Le malentendu sur l’identité d’un personnage, volontaire ou non, est un ressort puissant de la comédie, au théâtre comme au cinéma. On songera aux contemporains de Buster Keaton, Charlie Chaplin avec Les Lumières de la ville (1931) et Harold Lloyd avec A la hauteur (1930), ou encore à un chef-d’œuvre plus tardif de la comédie américaine par un génie du genre, Certains l’aiment chaud de Billy Wilder (1959).
Comme dans ses autres films et ceux des maîtres du burlesque cités plus haut, Keaton incarne le héros de ses films, dont l’impassibilité du visage contraste fortement avec la mobilité du corps. Et cette mobilité est dans Le Dernier Round d’autant plus importante qu’aux traditionnelles chutes et courses-poursuites du cinéma burlesque s’ajoute la nécessité pour le personnage principal d’apprendre à rendre les coups sur un ring ! Alfred Butler, jeune homme riche peu exposé aux contraintes de la réalité, est en effet confondu avec un champion de boxe pugnace dont il partage le nom.

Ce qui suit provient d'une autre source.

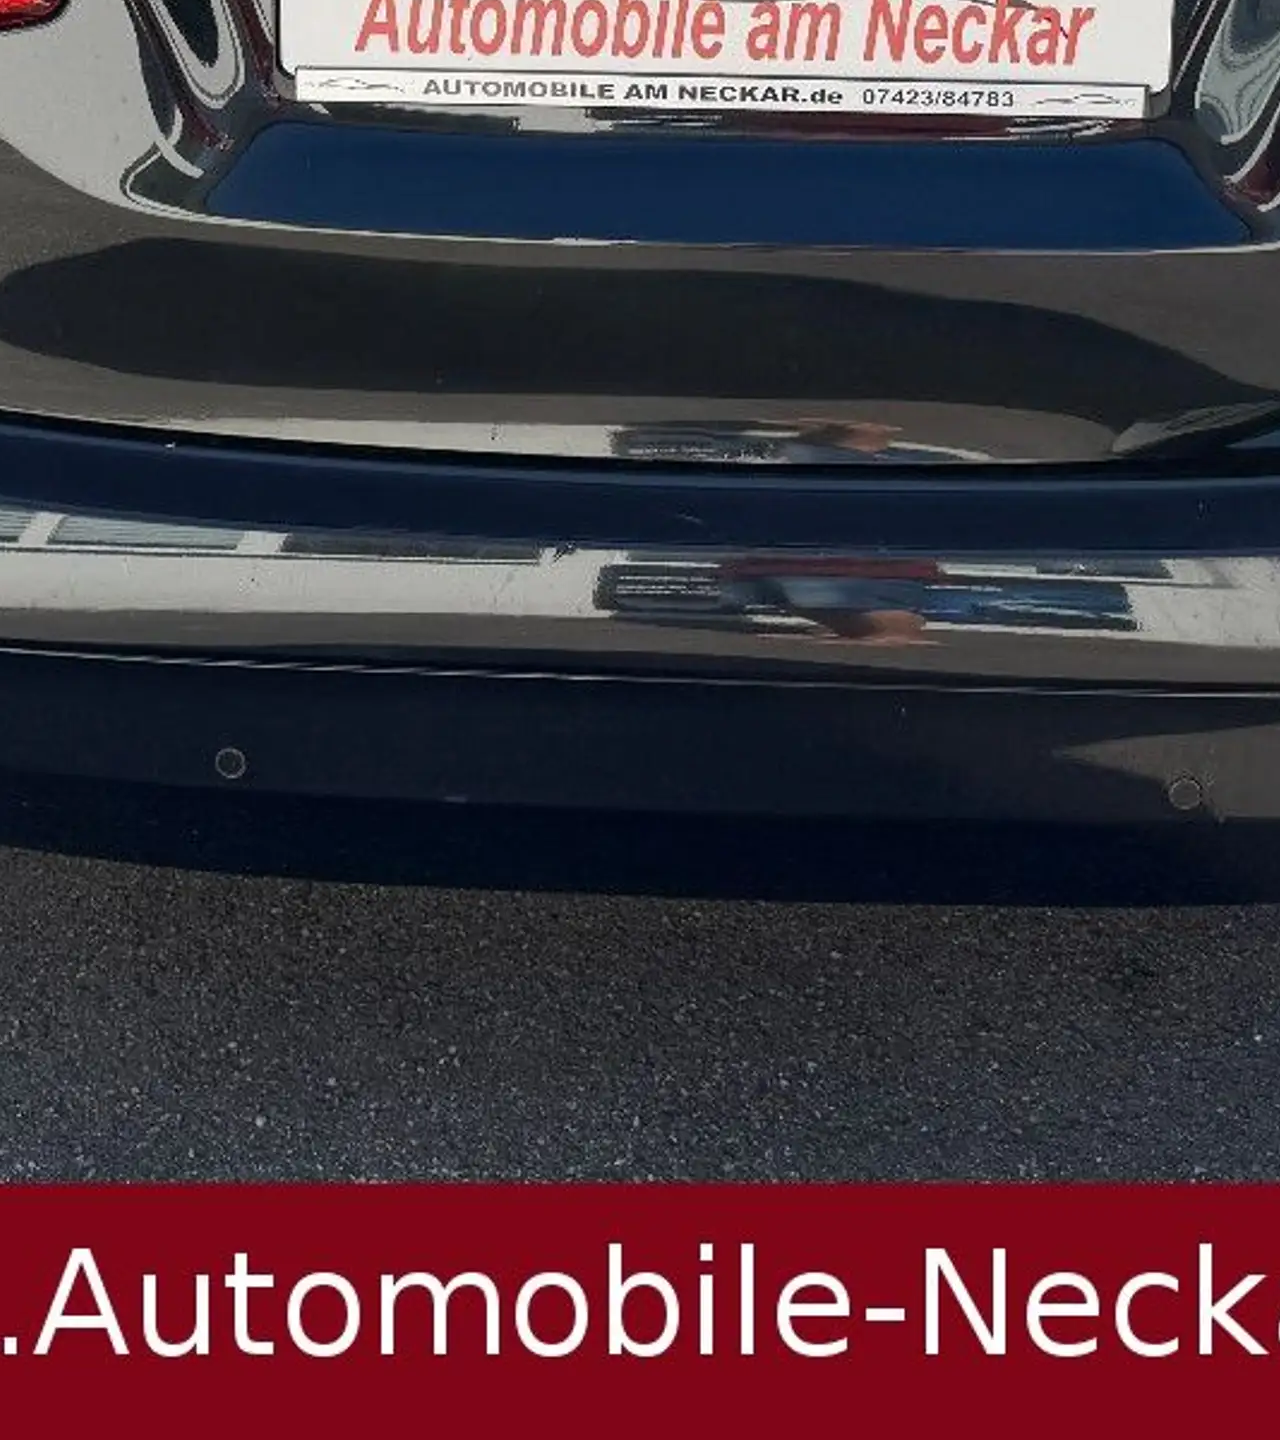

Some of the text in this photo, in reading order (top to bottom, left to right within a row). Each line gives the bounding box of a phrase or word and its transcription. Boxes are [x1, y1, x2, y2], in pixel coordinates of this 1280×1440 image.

[745, 0, 842, 61] am
[422, 78, 1015, 108] AUTOMOBILE AM NECKAR.de 07423/84783

L’enjeu va être désormais pour lui d’entretenir la méprise afin de ne pas perdre les sentiments d’une jeune fille gagnés grâce à cette confusion.

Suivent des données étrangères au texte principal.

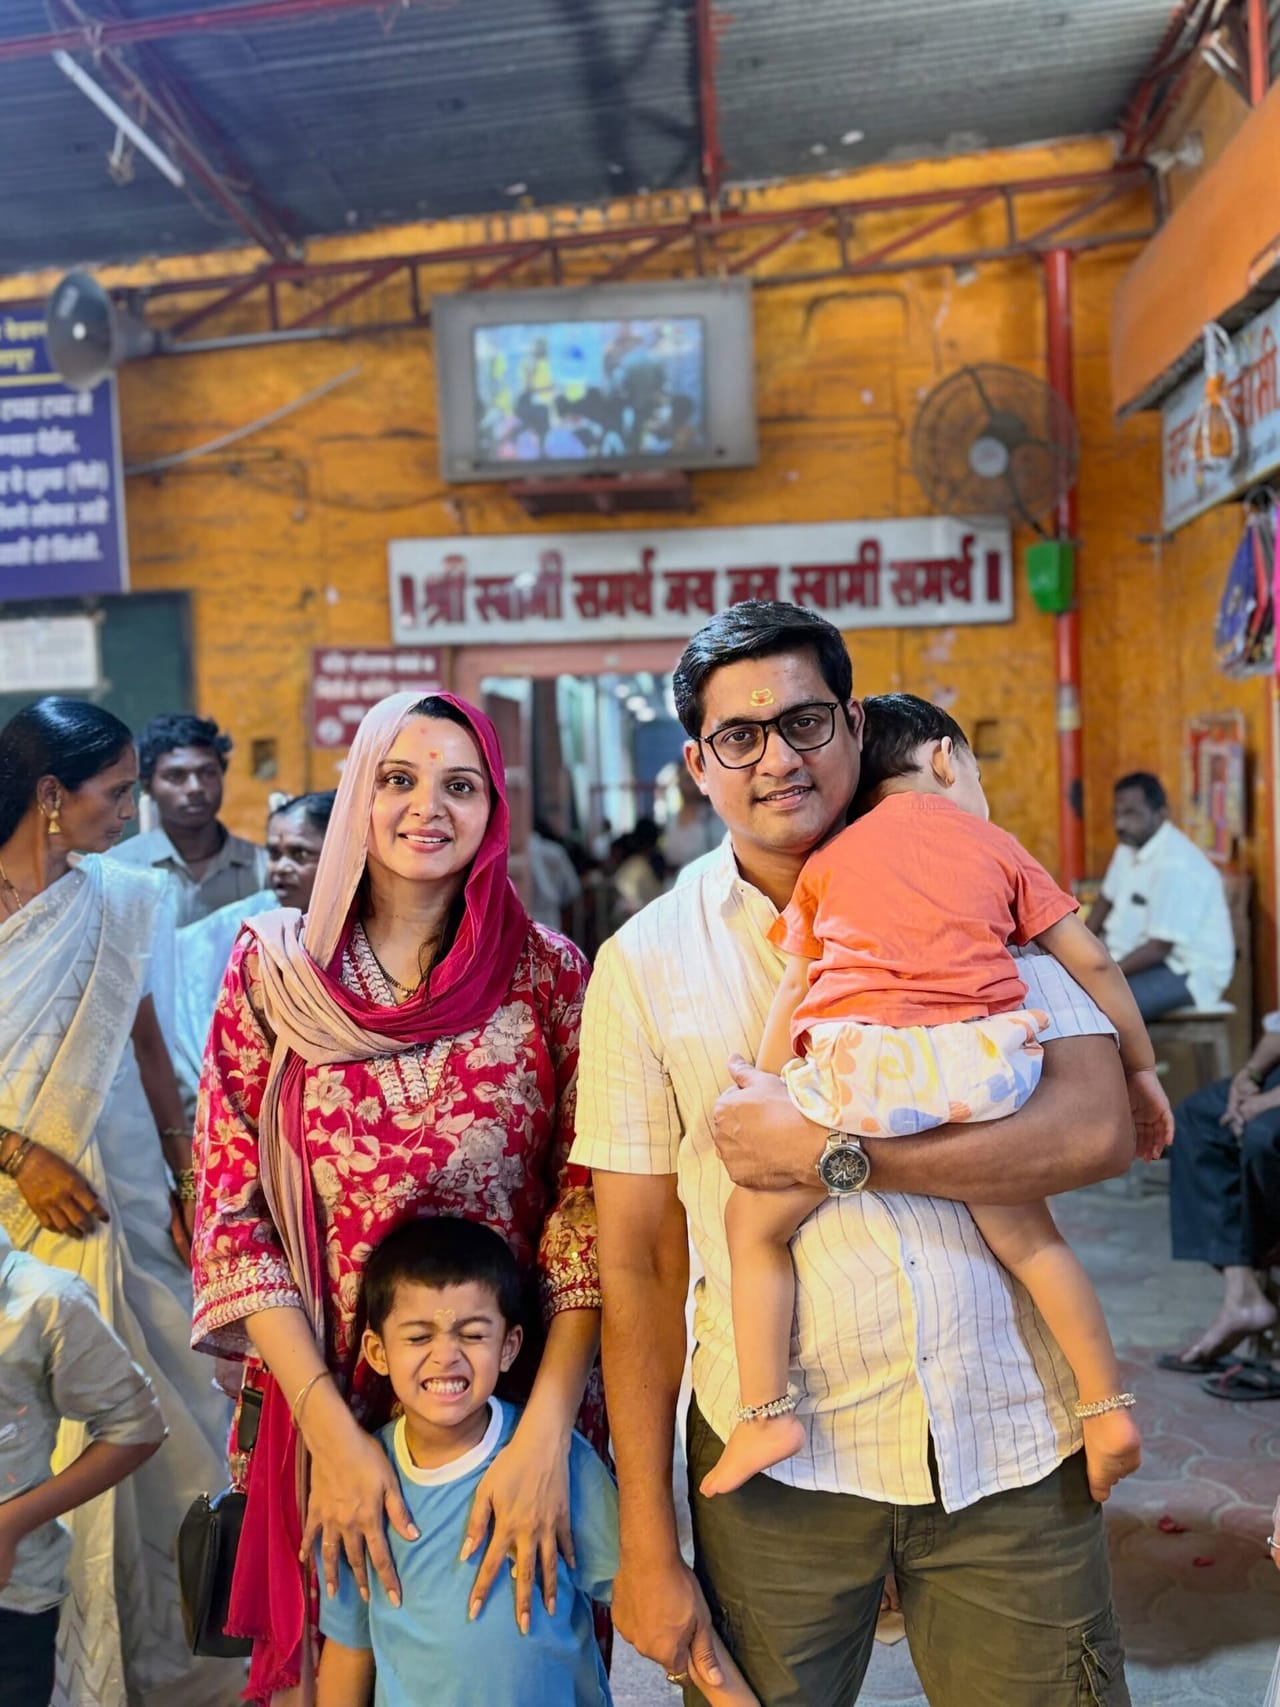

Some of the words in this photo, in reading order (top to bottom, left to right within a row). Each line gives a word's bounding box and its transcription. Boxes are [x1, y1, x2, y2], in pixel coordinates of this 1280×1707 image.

[424, 554, 466, 625] श्री
[475, 550, 563, 622] स्वामी
[572, 548, 655, 619] समर्थ
[663, 570, 717, 616] जय
[790, 538, 881, 609] स्वामी
[889, 534, 975, 606] समर्थ
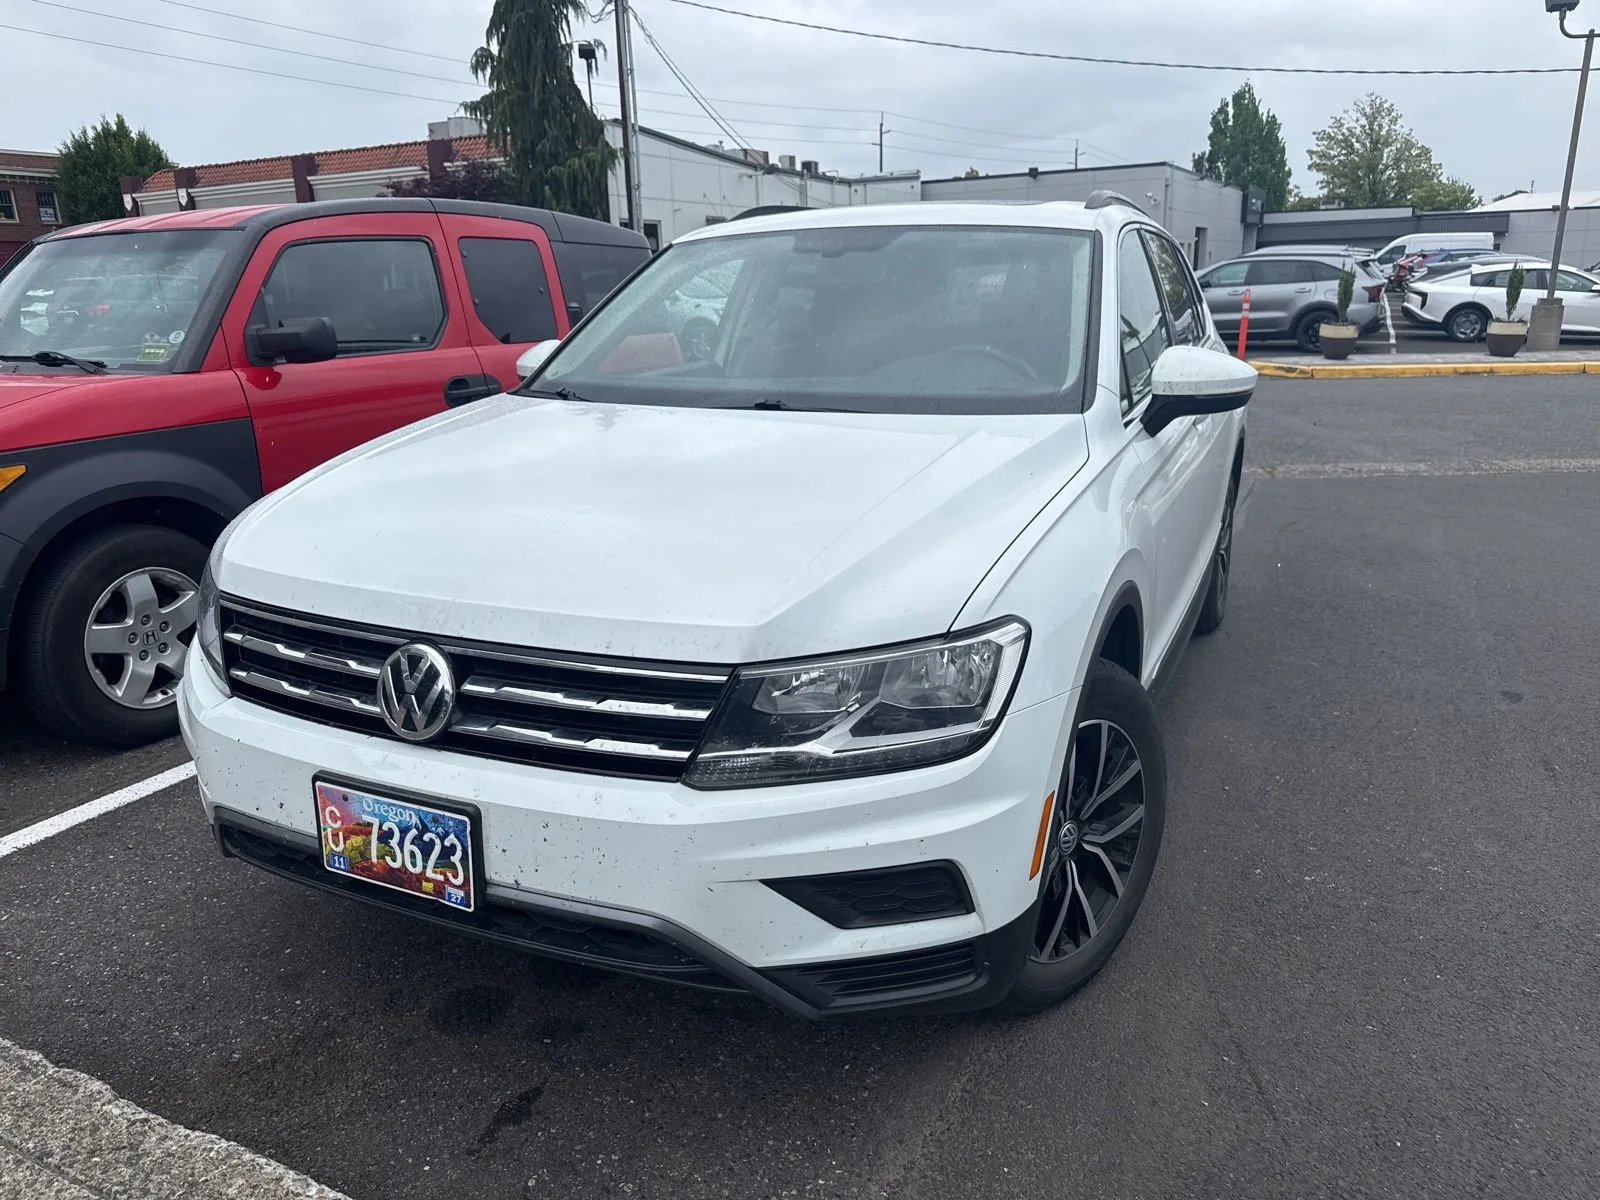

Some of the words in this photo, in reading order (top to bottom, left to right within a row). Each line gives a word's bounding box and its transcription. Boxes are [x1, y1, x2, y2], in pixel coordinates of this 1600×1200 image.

[362, 798, 416, 823] Oregon
[361, 814, 465, 886] 73623
[333, 855, 346, 869] 11
[450, 893, 462, 904] 27

« Sportif par amour » pour paraphraser le titre d’un autre long métrage du même réalisateur, Alfred Butler semble jouer sur le ring le rapport à l’espace de tous les personnages incarnés par Buster Keaton, tour à tour projeté, rejeté, cherchant à esquiver ou fuir les coups, ou encore s’étourdissant tout seul dans une vaine tentative de frapper son adversaire. Mais c’est finalement le sentiment amoureux qui lui donnera la force inattendue de véritablement combattre. Et grâce à une jolie trouvaille visuelle finale qui voit le personnage chaussé à la fois d’un haut-de-forme et de gants de boxe, Keaton le montre comme celui qu’il est et celui qu’il prétendait être, déambulant joyeusement au bras de sa belle… Un marivaudage burlesque à savourer en famille !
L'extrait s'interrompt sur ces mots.